▶ [Spatial localization data]:
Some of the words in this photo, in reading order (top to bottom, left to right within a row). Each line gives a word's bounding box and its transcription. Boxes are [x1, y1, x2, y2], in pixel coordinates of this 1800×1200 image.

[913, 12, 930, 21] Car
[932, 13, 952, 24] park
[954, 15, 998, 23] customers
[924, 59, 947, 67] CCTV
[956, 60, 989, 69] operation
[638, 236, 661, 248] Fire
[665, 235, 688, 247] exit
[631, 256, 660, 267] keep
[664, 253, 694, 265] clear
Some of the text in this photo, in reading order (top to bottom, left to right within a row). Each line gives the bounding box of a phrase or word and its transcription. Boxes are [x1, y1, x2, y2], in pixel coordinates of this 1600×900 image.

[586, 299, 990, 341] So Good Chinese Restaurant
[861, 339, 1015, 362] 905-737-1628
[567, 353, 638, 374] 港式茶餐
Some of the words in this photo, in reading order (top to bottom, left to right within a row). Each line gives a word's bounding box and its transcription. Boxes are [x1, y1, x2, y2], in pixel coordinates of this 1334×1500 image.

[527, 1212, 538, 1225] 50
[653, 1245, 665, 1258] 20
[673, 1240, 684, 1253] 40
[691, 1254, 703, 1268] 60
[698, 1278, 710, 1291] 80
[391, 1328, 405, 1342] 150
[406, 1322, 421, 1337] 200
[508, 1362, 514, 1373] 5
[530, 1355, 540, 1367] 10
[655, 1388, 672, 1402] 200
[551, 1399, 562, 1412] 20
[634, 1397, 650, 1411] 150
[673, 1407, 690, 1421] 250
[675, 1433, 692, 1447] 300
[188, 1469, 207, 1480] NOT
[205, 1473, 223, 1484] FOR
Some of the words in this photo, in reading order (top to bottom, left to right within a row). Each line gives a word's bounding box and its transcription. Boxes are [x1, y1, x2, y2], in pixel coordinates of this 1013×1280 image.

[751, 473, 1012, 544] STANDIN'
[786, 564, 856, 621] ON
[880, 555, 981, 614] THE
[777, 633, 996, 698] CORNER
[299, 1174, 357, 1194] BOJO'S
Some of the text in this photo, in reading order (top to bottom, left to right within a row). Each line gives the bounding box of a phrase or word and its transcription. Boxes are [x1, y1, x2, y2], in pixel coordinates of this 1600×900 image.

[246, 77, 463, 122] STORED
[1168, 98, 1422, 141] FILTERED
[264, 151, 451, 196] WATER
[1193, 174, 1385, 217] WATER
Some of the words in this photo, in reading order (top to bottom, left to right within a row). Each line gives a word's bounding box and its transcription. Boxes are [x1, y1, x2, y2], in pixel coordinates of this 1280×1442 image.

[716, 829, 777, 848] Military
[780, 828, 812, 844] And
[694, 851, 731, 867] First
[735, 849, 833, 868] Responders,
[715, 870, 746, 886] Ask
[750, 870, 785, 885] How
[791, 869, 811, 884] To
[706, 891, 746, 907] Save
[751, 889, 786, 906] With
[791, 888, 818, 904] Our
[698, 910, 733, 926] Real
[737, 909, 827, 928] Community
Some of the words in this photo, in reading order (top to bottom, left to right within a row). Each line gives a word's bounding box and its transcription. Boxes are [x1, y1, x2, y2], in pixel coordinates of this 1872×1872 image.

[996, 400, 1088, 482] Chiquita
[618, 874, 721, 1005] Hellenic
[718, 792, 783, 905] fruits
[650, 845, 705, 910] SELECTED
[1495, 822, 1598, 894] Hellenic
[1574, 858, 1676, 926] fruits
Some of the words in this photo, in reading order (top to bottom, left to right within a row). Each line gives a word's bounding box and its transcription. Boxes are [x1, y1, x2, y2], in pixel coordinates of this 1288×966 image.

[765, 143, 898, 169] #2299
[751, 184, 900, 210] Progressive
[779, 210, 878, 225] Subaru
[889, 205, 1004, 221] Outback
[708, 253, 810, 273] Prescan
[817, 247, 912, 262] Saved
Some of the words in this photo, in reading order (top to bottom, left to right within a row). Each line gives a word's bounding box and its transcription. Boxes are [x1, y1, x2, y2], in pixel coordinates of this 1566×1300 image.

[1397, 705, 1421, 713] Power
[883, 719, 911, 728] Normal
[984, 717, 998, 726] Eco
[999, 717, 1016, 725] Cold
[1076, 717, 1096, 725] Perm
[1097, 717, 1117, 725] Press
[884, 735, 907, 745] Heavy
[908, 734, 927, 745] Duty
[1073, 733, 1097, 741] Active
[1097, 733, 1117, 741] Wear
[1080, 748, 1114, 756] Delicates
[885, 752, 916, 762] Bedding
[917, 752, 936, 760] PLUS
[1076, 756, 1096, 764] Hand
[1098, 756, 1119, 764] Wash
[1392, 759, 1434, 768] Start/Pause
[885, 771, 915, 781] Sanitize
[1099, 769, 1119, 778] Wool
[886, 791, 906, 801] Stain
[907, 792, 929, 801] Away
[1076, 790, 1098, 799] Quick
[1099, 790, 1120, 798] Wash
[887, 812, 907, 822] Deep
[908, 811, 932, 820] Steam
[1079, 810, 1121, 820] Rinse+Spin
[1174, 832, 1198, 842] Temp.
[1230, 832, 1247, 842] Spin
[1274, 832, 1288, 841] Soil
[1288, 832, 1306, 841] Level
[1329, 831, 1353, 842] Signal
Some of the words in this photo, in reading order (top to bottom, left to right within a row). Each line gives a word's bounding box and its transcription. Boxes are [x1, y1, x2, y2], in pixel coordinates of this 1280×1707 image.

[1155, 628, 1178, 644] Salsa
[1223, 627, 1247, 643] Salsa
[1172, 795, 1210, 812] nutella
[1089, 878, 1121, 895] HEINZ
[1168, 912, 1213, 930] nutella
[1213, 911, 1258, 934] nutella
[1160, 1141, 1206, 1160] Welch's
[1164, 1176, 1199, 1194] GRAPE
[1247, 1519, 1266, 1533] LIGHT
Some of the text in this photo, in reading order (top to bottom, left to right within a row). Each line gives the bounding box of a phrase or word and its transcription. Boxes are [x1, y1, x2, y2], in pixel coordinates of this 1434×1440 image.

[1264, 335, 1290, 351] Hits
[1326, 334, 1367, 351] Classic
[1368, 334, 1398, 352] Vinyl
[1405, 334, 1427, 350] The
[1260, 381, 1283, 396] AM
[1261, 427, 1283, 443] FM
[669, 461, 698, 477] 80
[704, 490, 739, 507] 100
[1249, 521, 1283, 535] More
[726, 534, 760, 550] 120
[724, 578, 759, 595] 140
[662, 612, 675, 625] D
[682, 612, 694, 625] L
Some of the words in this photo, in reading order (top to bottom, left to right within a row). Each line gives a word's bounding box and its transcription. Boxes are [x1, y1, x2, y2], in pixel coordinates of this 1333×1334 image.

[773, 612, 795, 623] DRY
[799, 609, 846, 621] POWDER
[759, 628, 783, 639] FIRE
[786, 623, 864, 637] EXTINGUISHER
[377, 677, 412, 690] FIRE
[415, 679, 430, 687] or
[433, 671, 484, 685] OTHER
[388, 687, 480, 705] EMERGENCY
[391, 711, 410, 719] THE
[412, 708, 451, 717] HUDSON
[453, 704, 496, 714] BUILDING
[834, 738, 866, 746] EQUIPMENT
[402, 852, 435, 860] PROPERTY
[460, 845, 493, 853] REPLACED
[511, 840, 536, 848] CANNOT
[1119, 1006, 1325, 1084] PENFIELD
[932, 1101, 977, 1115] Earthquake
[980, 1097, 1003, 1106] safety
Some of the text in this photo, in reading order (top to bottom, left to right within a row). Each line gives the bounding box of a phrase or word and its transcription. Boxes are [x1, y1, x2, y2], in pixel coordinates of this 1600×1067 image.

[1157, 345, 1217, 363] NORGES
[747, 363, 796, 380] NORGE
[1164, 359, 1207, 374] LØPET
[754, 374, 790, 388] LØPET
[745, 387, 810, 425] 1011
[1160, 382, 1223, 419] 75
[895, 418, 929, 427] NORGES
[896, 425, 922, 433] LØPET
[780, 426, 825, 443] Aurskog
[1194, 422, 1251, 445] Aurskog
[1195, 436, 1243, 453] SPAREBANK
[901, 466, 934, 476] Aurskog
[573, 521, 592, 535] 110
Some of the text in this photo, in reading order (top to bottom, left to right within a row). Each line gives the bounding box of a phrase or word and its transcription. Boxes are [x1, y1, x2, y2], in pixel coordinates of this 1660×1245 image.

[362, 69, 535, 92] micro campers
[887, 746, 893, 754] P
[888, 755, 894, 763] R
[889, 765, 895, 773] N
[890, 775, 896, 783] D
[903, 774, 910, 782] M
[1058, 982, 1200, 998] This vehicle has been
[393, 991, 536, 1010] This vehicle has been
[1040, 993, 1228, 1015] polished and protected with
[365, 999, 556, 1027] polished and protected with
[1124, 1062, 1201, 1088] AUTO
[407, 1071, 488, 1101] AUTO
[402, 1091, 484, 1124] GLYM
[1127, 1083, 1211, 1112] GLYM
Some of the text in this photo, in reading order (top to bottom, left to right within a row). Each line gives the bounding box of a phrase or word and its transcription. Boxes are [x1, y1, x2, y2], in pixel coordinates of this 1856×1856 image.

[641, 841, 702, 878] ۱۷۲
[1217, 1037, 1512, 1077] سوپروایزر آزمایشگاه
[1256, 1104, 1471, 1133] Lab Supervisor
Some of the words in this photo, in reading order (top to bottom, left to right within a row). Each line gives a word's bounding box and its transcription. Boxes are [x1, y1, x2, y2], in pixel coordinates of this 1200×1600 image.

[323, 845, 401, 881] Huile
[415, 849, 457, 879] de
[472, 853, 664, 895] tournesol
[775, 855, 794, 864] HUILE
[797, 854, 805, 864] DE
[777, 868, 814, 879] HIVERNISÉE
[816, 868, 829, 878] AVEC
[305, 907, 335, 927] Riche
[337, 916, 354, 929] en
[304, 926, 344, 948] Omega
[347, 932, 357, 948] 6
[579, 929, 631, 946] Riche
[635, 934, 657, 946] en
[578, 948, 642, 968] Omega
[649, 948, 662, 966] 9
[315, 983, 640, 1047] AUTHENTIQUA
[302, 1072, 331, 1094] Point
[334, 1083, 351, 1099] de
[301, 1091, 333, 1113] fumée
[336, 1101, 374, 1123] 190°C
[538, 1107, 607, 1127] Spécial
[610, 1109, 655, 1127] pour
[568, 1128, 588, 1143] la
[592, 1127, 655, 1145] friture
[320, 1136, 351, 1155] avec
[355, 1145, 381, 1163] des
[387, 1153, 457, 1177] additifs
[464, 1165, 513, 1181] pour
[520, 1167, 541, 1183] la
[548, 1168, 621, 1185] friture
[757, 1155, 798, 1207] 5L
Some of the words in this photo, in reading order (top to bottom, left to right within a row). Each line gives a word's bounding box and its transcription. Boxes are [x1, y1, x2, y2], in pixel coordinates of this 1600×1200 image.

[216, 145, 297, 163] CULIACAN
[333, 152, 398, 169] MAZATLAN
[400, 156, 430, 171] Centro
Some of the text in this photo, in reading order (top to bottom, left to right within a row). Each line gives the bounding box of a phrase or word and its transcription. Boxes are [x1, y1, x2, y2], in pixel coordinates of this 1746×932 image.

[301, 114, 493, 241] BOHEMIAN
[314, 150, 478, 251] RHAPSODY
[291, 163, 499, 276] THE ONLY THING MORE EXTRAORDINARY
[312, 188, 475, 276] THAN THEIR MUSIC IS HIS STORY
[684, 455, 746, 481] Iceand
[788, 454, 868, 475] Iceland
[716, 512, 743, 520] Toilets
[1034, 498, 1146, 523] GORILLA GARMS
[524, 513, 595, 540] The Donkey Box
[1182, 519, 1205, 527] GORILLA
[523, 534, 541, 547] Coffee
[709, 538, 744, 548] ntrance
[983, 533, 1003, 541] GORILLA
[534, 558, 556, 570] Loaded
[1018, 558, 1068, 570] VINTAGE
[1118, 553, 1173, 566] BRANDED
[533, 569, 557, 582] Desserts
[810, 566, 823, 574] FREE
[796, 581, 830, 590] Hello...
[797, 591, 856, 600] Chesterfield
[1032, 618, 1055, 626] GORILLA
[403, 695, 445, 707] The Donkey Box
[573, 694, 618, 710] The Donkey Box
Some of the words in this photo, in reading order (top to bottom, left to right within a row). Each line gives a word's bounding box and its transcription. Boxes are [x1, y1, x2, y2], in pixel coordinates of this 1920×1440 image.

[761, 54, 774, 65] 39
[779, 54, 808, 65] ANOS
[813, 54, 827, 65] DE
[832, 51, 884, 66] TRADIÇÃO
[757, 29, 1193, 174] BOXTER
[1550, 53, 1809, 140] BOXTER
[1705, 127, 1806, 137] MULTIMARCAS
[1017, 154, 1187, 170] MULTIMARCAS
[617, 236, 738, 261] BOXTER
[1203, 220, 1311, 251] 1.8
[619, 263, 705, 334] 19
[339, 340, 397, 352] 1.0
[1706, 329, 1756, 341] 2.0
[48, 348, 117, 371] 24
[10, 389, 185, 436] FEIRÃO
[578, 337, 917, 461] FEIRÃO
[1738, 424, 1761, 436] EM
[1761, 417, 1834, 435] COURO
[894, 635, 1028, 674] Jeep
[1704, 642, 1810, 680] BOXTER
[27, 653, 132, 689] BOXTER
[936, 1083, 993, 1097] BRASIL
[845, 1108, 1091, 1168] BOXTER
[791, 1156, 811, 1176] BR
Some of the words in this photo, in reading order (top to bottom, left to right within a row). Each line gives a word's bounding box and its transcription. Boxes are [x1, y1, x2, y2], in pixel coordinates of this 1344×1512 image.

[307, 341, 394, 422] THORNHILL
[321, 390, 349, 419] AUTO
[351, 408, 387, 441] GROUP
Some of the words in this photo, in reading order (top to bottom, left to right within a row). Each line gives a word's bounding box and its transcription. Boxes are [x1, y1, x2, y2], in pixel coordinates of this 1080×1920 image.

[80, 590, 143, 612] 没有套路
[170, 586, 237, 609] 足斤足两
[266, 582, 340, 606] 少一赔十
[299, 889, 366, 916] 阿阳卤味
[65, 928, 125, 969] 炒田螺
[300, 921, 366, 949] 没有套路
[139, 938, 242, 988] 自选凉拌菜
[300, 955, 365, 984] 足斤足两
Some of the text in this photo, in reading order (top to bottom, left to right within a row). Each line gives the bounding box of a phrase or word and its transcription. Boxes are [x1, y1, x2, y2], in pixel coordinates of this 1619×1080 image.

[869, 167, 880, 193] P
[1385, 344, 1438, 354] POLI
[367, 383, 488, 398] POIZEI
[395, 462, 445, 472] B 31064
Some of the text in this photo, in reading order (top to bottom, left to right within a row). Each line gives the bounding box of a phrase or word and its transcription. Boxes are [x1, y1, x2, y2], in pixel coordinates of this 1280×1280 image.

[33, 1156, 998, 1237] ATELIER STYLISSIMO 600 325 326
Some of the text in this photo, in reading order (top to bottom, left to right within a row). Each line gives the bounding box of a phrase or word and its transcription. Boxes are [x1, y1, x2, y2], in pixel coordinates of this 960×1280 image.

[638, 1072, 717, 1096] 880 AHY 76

▶ [PROMPT]:
Word for word, copy the line containing "this 960×1280 image." and each line after it to the end of the records, and nothing besides.

▶ [TASK RESULT]:
Some of the text in this photo, in reading order (top to bottom, left to right within a row). Each line gives the bounding box of a phrase or word and its transcription. Boxes are [x1, y1, x2, y2], in pixel coordinates of this 960×1280 image.

[638, 1072, 717, 1096] 880 AHY 76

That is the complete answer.